You’ve planned the wedding, bought the dress, and paid for the reception. Everything is moving along just as it should. Then you hear it. That little voice in your head. (Or maybe it’s the voice of your great Aunt Mary.)

You know the voice. It’s the one that says: "Are you sure?"

At first, you brush it aside. Of course, you're sure! You’ve wanted to be married ever since you were a little girl. You've dated your fiancé for years. You can’t wait to have kids! Of course, you want to get married!... Right?

While pre-wedding jitters are normal, sometimes, in the rush of the moment, it’s hard to know whether the reservations you're feeling are just nerves, or something more.

Here are 10 tips to help you decide whether you should say, "I do" or "I don’t":

1. If you haven’t talked about money, you are NOT ready to get married.

People can be financially incompatible just as they can be sexually incompatible. Is your fiancé a saver or a spender? Are you going to pool your resources after you marry or maintain separate accounts? How much money do you each earn and how do you plan to pay the bills?  

Talking about this stuff is way less fun than planning the perfect wedding, but if you don’t have these conversations now, you may find yourself wishing the wedding had never happened.

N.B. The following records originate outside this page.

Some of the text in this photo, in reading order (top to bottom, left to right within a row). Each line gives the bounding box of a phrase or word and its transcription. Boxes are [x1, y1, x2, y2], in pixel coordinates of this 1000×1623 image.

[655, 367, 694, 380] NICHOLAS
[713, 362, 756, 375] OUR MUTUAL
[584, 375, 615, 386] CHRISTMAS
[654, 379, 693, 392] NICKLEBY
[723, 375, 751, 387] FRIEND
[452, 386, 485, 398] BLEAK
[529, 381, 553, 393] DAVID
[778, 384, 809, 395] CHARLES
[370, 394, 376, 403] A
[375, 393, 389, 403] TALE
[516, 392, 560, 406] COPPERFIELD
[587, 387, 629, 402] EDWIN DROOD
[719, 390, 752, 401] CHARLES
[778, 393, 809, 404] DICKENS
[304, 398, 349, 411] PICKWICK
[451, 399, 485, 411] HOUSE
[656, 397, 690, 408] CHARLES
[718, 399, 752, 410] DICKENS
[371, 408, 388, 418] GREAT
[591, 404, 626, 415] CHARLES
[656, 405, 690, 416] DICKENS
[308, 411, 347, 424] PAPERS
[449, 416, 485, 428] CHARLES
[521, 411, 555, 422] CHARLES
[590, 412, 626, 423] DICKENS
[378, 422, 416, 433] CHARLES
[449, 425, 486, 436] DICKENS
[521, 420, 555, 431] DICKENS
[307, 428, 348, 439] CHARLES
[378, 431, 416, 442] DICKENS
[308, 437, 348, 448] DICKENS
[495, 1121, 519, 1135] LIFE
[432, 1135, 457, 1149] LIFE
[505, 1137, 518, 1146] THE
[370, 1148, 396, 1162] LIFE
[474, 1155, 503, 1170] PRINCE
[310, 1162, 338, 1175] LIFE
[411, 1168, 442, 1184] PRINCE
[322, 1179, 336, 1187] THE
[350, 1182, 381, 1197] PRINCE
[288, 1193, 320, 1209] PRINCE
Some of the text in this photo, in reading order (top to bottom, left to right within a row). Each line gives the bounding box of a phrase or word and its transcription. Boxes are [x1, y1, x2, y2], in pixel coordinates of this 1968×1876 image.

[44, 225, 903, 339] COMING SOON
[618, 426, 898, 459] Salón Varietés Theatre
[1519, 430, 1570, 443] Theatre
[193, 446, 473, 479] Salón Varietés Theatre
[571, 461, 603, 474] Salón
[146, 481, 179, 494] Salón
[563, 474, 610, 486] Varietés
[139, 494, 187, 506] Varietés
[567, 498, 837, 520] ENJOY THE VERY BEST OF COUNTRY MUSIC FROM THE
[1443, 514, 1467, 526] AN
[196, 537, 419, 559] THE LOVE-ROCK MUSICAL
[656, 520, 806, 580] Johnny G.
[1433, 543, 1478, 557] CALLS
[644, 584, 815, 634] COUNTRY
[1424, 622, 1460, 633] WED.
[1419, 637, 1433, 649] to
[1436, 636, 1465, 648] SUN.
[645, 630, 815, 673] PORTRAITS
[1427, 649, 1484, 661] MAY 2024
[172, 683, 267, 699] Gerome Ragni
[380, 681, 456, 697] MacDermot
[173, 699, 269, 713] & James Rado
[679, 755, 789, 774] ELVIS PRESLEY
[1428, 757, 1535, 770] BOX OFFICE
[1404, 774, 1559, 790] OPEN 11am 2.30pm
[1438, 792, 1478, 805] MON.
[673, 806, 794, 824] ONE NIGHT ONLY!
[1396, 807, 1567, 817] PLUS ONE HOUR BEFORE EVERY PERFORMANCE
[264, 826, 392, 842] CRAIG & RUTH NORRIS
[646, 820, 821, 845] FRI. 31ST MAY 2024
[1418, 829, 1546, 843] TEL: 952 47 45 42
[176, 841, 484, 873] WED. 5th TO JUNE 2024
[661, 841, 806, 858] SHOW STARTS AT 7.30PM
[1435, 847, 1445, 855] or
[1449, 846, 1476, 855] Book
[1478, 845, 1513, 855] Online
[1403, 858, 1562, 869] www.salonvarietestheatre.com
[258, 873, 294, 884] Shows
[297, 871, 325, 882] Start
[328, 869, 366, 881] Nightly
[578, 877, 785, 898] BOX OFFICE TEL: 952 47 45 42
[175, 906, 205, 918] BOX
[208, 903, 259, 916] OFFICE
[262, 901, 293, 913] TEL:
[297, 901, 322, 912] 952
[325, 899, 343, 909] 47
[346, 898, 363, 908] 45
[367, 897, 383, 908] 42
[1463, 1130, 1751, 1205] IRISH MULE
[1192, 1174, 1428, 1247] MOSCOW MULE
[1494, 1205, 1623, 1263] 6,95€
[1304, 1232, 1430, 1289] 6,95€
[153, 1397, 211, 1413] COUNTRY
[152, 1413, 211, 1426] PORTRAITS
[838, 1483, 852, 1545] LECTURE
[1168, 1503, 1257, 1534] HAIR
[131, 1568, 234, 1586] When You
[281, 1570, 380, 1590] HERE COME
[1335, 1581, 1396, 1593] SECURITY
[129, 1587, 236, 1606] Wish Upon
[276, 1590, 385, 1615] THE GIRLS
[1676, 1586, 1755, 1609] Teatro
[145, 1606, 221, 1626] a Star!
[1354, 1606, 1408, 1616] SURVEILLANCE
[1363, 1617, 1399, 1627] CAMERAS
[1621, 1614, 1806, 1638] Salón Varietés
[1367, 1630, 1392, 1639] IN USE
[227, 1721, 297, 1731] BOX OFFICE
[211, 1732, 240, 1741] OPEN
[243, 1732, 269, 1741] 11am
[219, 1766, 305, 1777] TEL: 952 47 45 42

2.  If your fiancé won’t talk to you about money because he says it is unromantic, DON’T marry him.

Seriously. If you think talking about money before the wedding is unromantic, just think about how you are going to feel talking about the mountain of credit card debt or student loans he brought into the marriage that you didn’t know about until after you were married. 

3. If you want kids and your fiancé does not, stop right now.

Having kids, or not having kids is a deal breaker issue. It is also one of those rare issues that can’t be compromised, and can’t be changed.  

I have known more than a few couples who were totally in love, got married, and then ended up miserable and/or divorced because each one thought the other would change his or her mind about having kids.

4. If you are not sexually attracted to your fiancé, don’t marry him.

Some people believe that they should marry their best friend. That’s a great idea. But, if you would rather do just about anything other than have sex with him, you’ve got a problem!  

While you may think that you can survive without sex, if he wants it and you don’t, your marriage is going to get strained pretty quickly. Plus, living in a sexless marriage will eventually erode your relationship. Not only will you not be lovers, but you may end up not even being friends.

5. If you think the irritating issues you have with your fiancé now will go away after you are married, you’re WRONG.

If he does things now that make you crazy, he’s not going to stop doing them after you are married! As a matter of fact, he will probably find even more things to do that will make you wonder what planet he came from.

Address your issues NOW. It’s better to know whether you will be able to work them out before you tie the knot.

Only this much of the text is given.